The central Amazon Jaguar Conservation Unit is the biggest jaguar stronghold in the world, but even here, biological diversity and jaguar populations can fluctuate. The Wildlife Conservation Society has recently presented a plan to help guide multi-institutional efforts in conserving the jaguar in the Amazon basin.
Encompassing Brazil, Bolivia, Peru, Ecuador, Colombia, Venezuela, Guyana, French Guiana, and Suriname, the central Amazon Jaguar Conservation Unit has already been affected by the conversion to monoculture crops, cattle ranching, and hydro-electric, mining, and transportation projects. Because of this, several leading Latin American conservation organizations working in the Amazon basin recently met in Quito, Ecuador to review regional jaguar conservation efforts and outline priorities to maintain healthy jaguar populations in the Amazon.

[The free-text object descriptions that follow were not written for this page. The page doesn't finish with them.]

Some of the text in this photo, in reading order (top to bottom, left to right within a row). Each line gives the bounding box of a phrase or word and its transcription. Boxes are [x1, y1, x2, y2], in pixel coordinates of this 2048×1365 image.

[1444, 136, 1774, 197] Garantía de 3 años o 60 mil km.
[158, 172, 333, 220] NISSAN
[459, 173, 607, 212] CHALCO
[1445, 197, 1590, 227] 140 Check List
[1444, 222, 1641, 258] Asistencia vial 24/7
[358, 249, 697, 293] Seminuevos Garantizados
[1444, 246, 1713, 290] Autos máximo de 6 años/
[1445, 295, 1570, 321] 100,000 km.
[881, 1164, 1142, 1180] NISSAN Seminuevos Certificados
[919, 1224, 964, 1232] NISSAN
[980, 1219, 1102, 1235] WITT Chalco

The Memorias Del Taller Internacional Planificando La Conservación Del Jaguar En La Amazonía was formulated to ensure sustainable development for local communities along with a secure future that includes the iconic jaguar.

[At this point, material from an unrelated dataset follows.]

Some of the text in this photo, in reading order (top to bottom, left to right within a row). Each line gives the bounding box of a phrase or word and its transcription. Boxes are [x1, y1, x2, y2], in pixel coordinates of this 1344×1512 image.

"The main recommendations to come out of the meeting were related to the importance of working at large landscape scales to conserve meaningful populations of jaguars," said Dr. Rob Wallace, Amazon landscape conservation expert at the Wildlife Conservation Society. "This landscape approach requires an integrated threats-based strategy involving a series of long-term partnerships with territorial stakeholders such as protected areas, indigenous territories, municipal governments and others. The Wildlife Conservation Society is proud of our long-standing conservation commitments to some of the most outstanding natural wilderness areas in the Amazon."
Five central themes were agreed upon to secure the long-term future of jaguars: landscape and corridor scale conservation, research and monitoring, conflict management, legislation, policy and administration, as well as education, training, and communication.
The document also highlights the emerging threat of hunting and illegal trade of jaguars in the Amazon and beyond. Conservation is an ongoing process and decisive action is needed to address new threats. Jaguar hunting for trade has intensified in recent years since its teeth and other body parts are in demand in Asian markets.
Dr. Emiliano Esterci Ramalho, monitoring coordinator at the Mamiraua Sustainable Development Institute and a groundbreaking jaguar researcher in the flooded forests of central Amazonian Brazil, underlined the importance of collective conservation efforts. "This meeting encouraged us to create the Jaguar Conservation Alliance in Brazil, a multi-institutional initiative that aims to coordinate jaguar research and conservation efforts in the Amazon, and to ensure that our collective efforts amount to more than just the sum of their parts," Ramalho said.